The following orders are represented in groundwater habitats : Platycopioida, Calanoida, Misophrioida, Gelyelloida, Harpacticoida and Cyclopoida.


Morphology variation in the 10 Copepod orders; after Ho, 1990



New phylogeny of the copepod orders after Huys & Boshall (1991) (modif.): 1. PLATYCOPIOIDA; 2. CALANOIDA; 3. MORMONILLOIDA, 4. HARPACTICOIDA; 5. POECILOSTOMATOIDA; 6. SIPHONOSTOMATOIDA; 7. MONSTRILLOIDA; 8. MISOPHRIOIDA; 9. CYCLOPOIDA; 10. GELYELLOIDA



The phylogenetic relationships of copepods have been debated in the last decades. Some authors proposed evolutionary schemes on account of the ecological radiation of copepods (Boxshall, 1986; Ho, 1994) , other authors pointed out cladistic approaches. Particularly Huys & Boxshall (1991) reconstructed the character states of the groundpattern of ten copepods orders.

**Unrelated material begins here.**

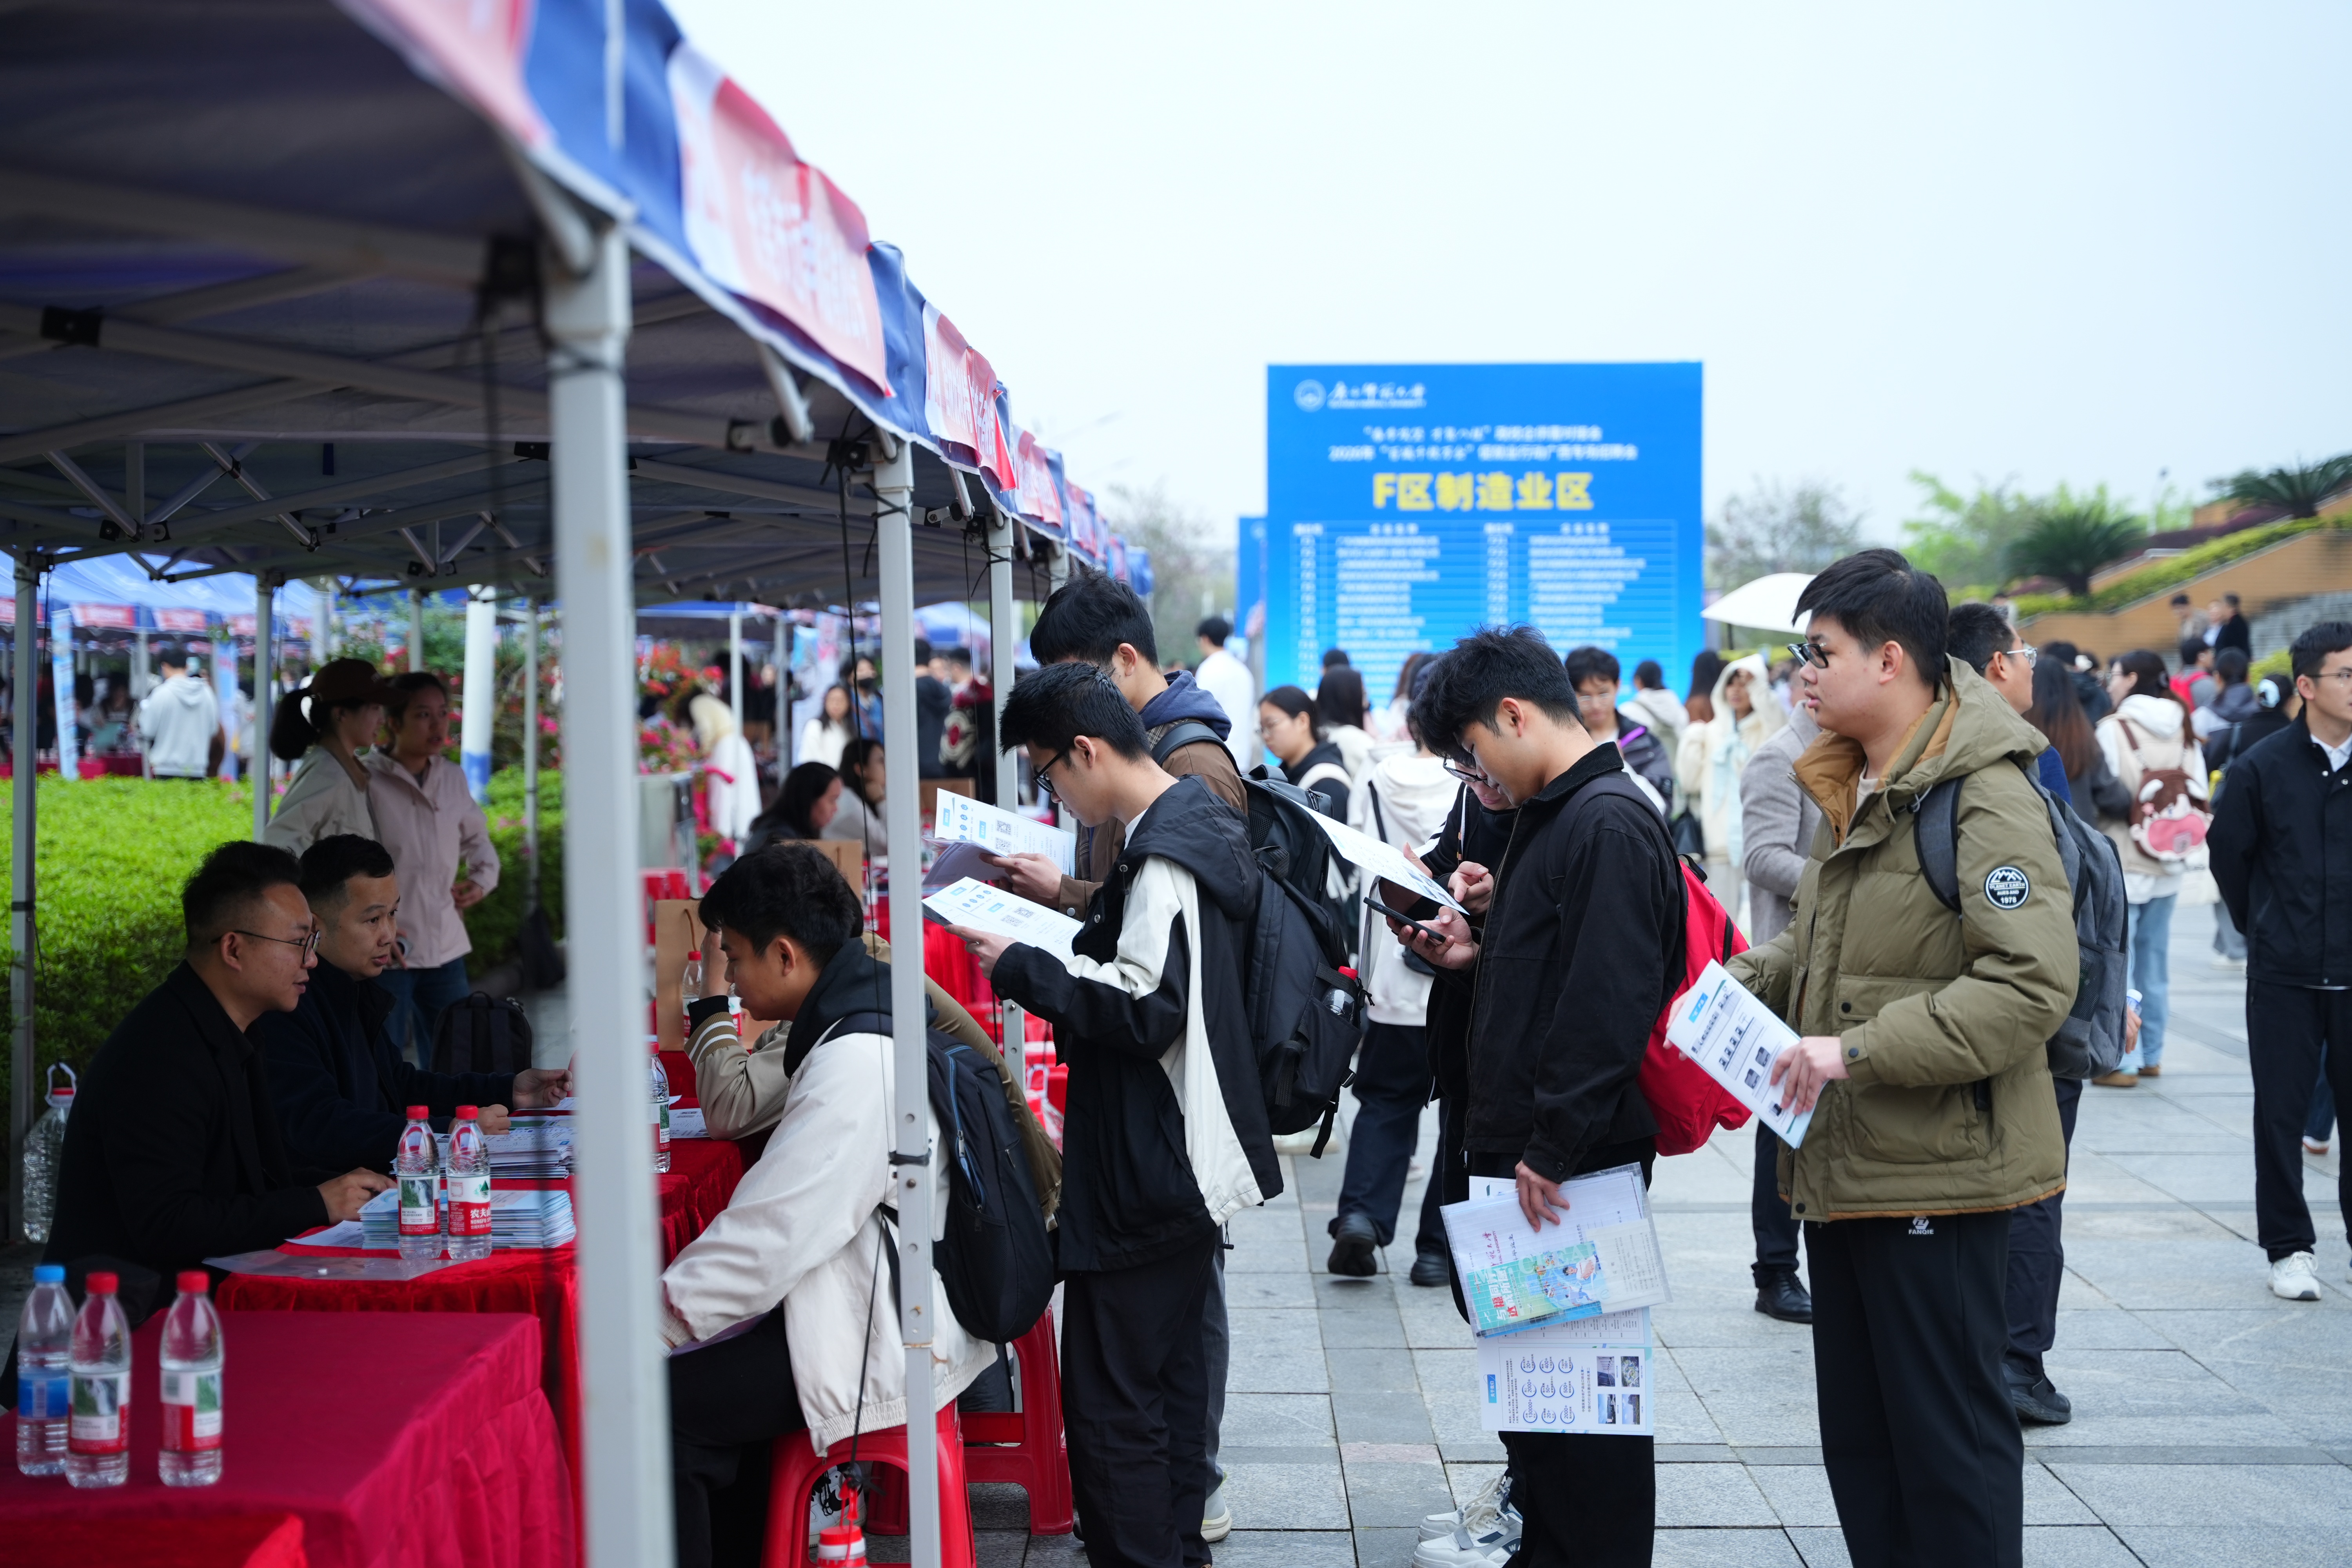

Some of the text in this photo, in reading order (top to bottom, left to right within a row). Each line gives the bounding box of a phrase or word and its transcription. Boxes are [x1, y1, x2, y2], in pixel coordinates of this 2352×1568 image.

[1372, 472, 1594, 511] F区制造业区

Calanoids, cyclopoids and harpacticoids show a remarkable ecological interest, since most species of these orders generally form the first link of the aquatic food chains, from the microscopic phytoplanktonic algae up to the fishes and mammalians. Recent researches, including those carried out by the Dipartimento di Scienze Ambientali of the University of L'Aquila (Italy), are pointing out an analogous importance for cyclopoid and harpacticoid species inhabiting both surface and underground fresh waters, and particularly the sediments between the superficial hyporheic zone and the rivers bottom, an interesting transitional system or ecotone between epigean and stygal waters.

As a matter of fact, the contiguity with surface waters and the regular occurence of epigean elements in the hyporheic habitats let now the hydrobiologists to consider that a good estimation of rivers meiobenthic conditions must pass through a careful knowledge of the relative groundwater communities. In this last regard, an increasing number of harpacticoid and cyclopoid species are actually revealing their noteworthy importance as "pollution markers" in the environmental control of hyporheic systems and other aquatic habitats, such as lakes, springs, rivers and superficial ground (phreatic) waters.